Chairman of the American Nazi Party
- In office 1999–2022
- Succeeded by: Axl Hess
- Preceded by: Office established

Personal details
- Born: Rocky Joe Suhayda 1952 (age 73–74) Detroit, Michigan, U.S.
- Children: 3

= Rocky Suhayda =

American neo-Nazi (born 1952)

Rocky Joe Suhayda (born 1952) is an American neo-Nazi and far-right activist, who was chairman of an organization called the American Nazi Party, based in Michigan. Suhayda's American Nazi Party is not the same organization as the original American Nazi Party, founded by George Lincoln Rockwell. He has held the office since at least 1999.

== Early life ==
Suhayda was born in 1952 in Detroit, Michigan. Suhayda graduated from Bentley High School in Livonia, Michigan, in 1969. He worked in the shipping and receiving department of the Garden City Osteopathic Hospital. Suhayda has run unsuccessfully for public office on several occasions, including for the Livonia School District and the Livonia City Council. He has three children.

== Neo-Nazism ==
Suhayda was a member of the World Union of Free Enterprise National Socialists and the National Association for the Advancement of White People, and subsequently founded his own organization under the name of the American Nazi Party. Suhayda's organization claims a connection to the American Nazi Party founded by George Lincoln Rockwell in 1959, but it is officially a separate entity. He has held the office since at least 1999. He and his group are based in Michigan. As of January 2022, the American Nazi Party's website named him as chairman, updated by February 2022 to list as chairman Axl Hess. Hess was previously the group's spokesman.
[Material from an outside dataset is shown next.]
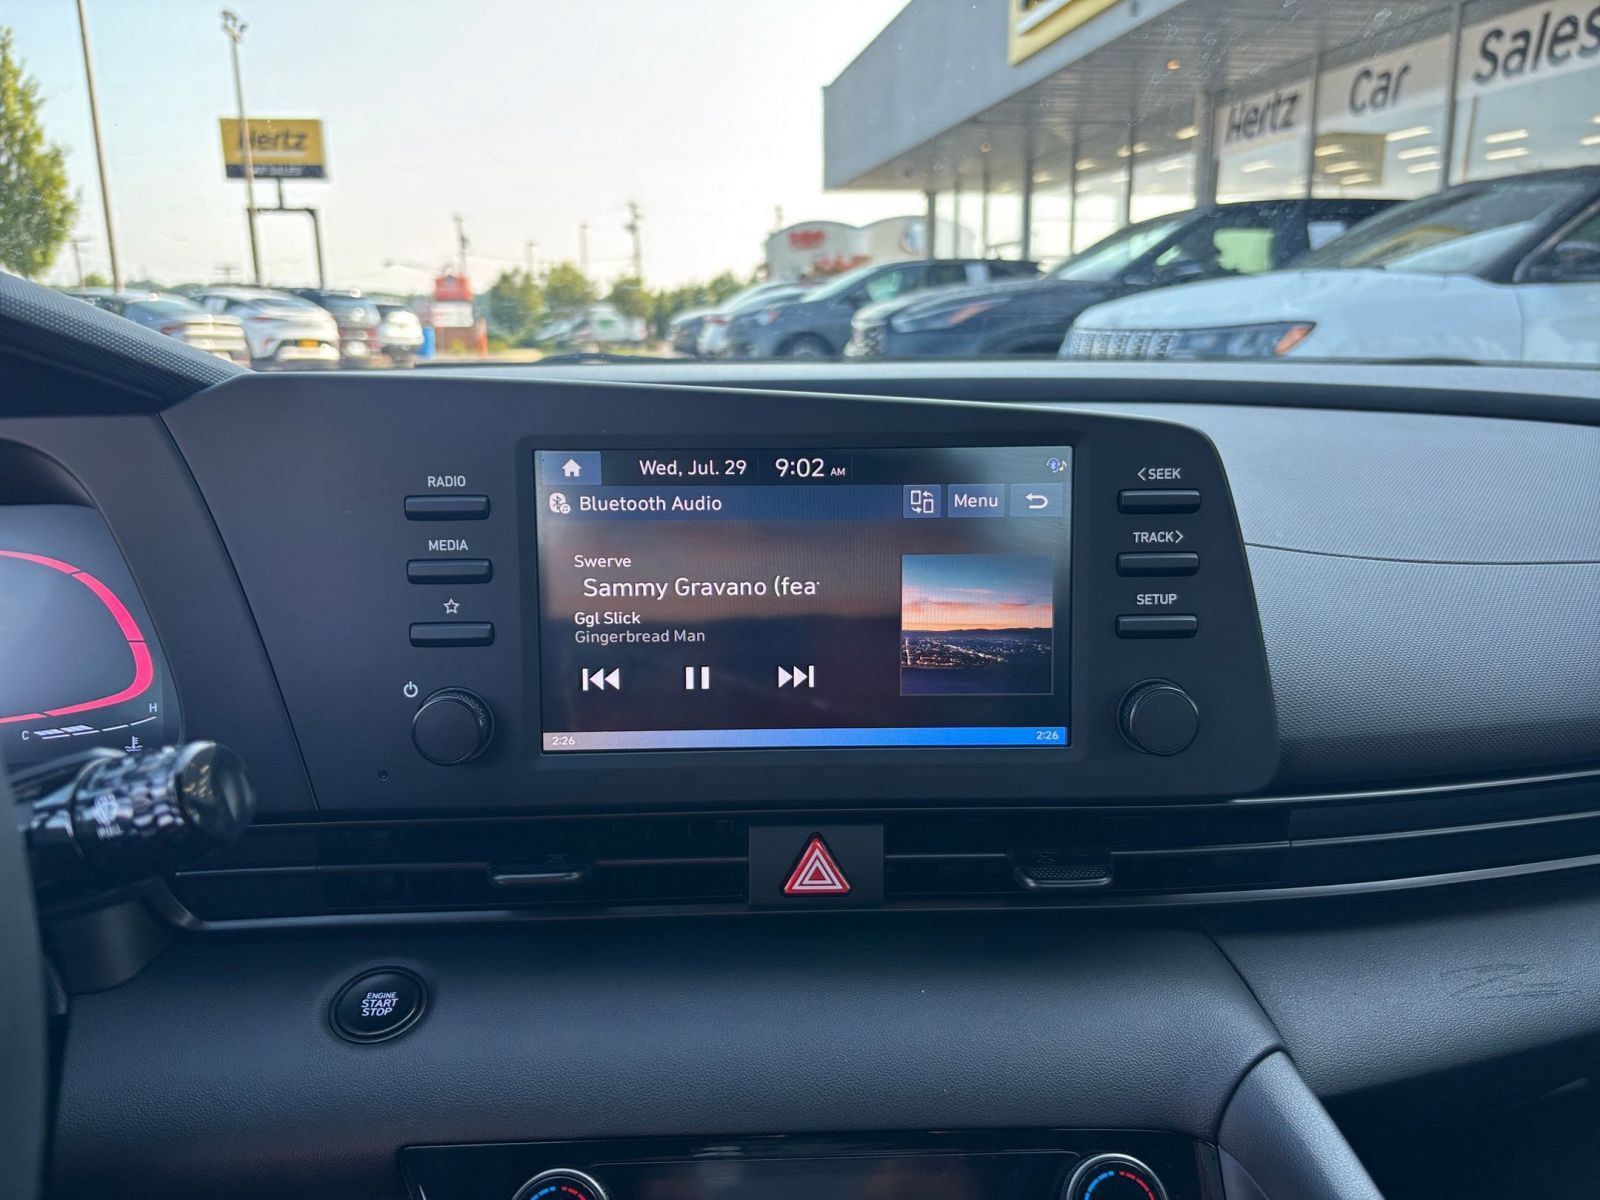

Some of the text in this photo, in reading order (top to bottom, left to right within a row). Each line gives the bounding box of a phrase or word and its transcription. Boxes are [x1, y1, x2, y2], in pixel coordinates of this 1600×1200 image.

Suhayda formerly ran the European American Education Association. He was a member of the National White People's Party in 1976, but resigned some point before 1979. From 1979 until the 1980's, he was the Chairman of a 12-member group called The National Front. Suhayda has stated that he represents a Livonia chapter of the Ku Klux Klan. On September 10, 1989, he held a "White Vigil", which he said was to "honor all of our comrades who have died for our cause and who face living death"; it was in an effort to unify white power groups. Members from six groups attended. In 1990, a meeting of the Michigan White Unity Coalition was held in his home.

Following white supremacist activist Alex Curtis being indicted in 2000, Suhayda appealed for legal donations for Curtis. Shortly after the September 11 attacks, Suhayda stated that "if we were one-tenth as serious as the bin Laden terrorists, we just might start getting somewhere", and that the hijackers had "put our great White Movement to SHAME". During the 2008 United States presidential election, he stated that he preferred Barack Obama, despite him being black, saying that: "White people are faced with either a negro or a total nutter who happens to have a pale face. Personally, I’d prefer the negro." His ANP allows non-White or Jewish "supporters". In 2016, Suhayda stated on his radio show that a Donald Trump presidency could give American Nazis the chance to build a 'pro-white' political caucus similar to the Congressional Black Caucus. He publicly supported the appointment of Steve Bannon to the position of chief strategist in Donald Trump's White House.